While his father took the clothes from drawers, Constantijn pulled his nights.h.i.+rt over his head and then thrust it under the pillows out of sight. Normally his nurse fetched whatever he wanted before he sat in the chair, but now his father was at hand. He had become expert at dressing in bed and hauling on his own breeches. When he was ready he was given a lift across his father's back and then lowered into the nearby solid chair with its broad arms and leather upholstery in which his mother had sat for so many hours. He removed the wide belt that normally strapped him to it, for several times he had forgotten his handicap after reading or dozing and had fallen when he had automatically thought to stand.
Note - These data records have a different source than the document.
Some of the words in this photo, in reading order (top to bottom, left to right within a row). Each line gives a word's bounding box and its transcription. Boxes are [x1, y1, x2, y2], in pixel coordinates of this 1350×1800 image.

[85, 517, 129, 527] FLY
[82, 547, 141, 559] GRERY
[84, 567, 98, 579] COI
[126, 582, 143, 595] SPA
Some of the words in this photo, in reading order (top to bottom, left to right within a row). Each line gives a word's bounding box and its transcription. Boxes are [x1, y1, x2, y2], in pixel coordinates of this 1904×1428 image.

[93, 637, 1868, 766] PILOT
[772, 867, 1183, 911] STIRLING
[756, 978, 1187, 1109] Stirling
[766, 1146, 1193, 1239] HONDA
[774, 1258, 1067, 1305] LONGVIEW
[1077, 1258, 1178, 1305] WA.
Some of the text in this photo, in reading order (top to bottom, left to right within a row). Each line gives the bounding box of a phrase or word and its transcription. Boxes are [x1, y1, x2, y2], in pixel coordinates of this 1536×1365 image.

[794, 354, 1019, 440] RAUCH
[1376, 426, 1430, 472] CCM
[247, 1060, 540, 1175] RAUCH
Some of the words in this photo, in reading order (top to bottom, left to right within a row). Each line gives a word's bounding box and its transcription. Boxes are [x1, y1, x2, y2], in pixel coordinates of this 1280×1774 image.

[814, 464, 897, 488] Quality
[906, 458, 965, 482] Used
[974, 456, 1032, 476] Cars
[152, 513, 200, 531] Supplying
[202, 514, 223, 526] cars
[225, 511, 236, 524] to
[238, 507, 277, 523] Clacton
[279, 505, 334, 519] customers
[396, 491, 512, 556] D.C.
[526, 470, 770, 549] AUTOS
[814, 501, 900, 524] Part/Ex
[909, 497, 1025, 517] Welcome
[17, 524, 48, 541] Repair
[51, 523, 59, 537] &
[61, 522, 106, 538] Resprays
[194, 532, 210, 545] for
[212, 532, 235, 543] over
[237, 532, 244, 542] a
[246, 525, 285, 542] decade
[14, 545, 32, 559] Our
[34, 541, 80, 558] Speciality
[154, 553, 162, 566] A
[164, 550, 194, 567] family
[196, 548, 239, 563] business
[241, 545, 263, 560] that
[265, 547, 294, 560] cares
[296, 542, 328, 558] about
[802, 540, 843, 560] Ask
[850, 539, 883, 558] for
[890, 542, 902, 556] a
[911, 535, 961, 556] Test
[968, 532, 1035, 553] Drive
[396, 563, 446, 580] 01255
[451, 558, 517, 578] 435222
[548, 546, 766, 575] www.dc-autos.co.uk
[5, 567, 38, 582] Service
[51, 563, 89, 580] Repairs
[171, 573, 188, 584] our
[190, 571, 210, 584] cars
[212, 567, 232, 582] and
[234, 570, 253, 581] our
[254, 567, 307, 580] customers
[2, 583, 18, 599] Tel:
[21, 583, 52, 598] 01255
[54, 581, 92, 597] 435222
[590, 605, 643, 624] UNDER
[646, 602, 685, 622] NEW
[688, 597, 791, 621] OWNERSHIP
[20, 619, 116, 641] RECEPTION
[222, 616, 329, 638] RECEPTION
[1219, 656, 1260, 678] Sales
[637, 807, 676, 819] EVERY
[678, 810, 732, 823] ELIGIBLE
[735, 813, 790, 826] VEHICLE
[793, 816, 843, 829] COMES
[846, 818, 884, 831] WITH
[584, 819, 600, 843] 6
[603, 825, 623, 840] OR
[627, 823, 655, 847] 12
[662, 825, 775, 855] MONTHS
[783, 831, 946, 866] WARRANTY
”Put the belt away somewhere,” he said to his father. He could not endure the thought of Isabella seeing him strapped in. A rug was tucked around him and that would be the only visible sign to his visitor that he was not exactly as he had been at their last meeting.

”Tell Isabella to come up on her own, Father.”

”I will.”

Heer de Veere wondered as he went downstairs to the next floor if Constantijn hoped to win Isabella back to him if they could talk alone. She would be his first visitor, although he had been well enough for some time to have received visitors many times over. It was as if he had been waiting for her before he could start mending his life again.

Constantijn became consumed with impatience as he waited. He had been confined to this bedchamber for a long time, first through physical weakness and then through his stubborn refusal to be carried downstairs, which he thought of as being carted about like an infant.

He had borne the time of convalescence stoically, but now, waiting while Isabella put one foot in front of the other on her reluctant way up the flight, it seemed to him that she was taking all eternity.

His father had left the door ajar and for a split second before Isabella saw him he glimpsed dread in her eyes as she looked toward the bed, expecting to see him there. Had she supposed he might have been without covers over his severed limbs? Then she saw him and relief flooded her fine face with its clear pallor and sloe eyes, her lips pink and moist as oysters ready for serving.

”How well you look, Constantijn! Thinner, but that suits you.”

He held out his hands to her, but she pretended not to see them, seating herself in a chair his father had put ready beforehand and plucking nervously at the deep lace collar of her azure gown. She was holding something small within her left hand and he guessed what it was.

”You're not wearing the betrothal ring I gave you.” He was angered already that she had chosen not to come in with it on her finger, but was cupping it in her hand like a cheap fairing. If she was set on returning it to him she should have drawn it with dignity from her finger in a moment between them as private as when he had given it to her, no matter that the whole mood had been reversed.

”As I said in my letter-”

”I didn't read it. I want to hear from your own lips why you no longer want to marry me.” He watched her mercilessly, determined not to spare her.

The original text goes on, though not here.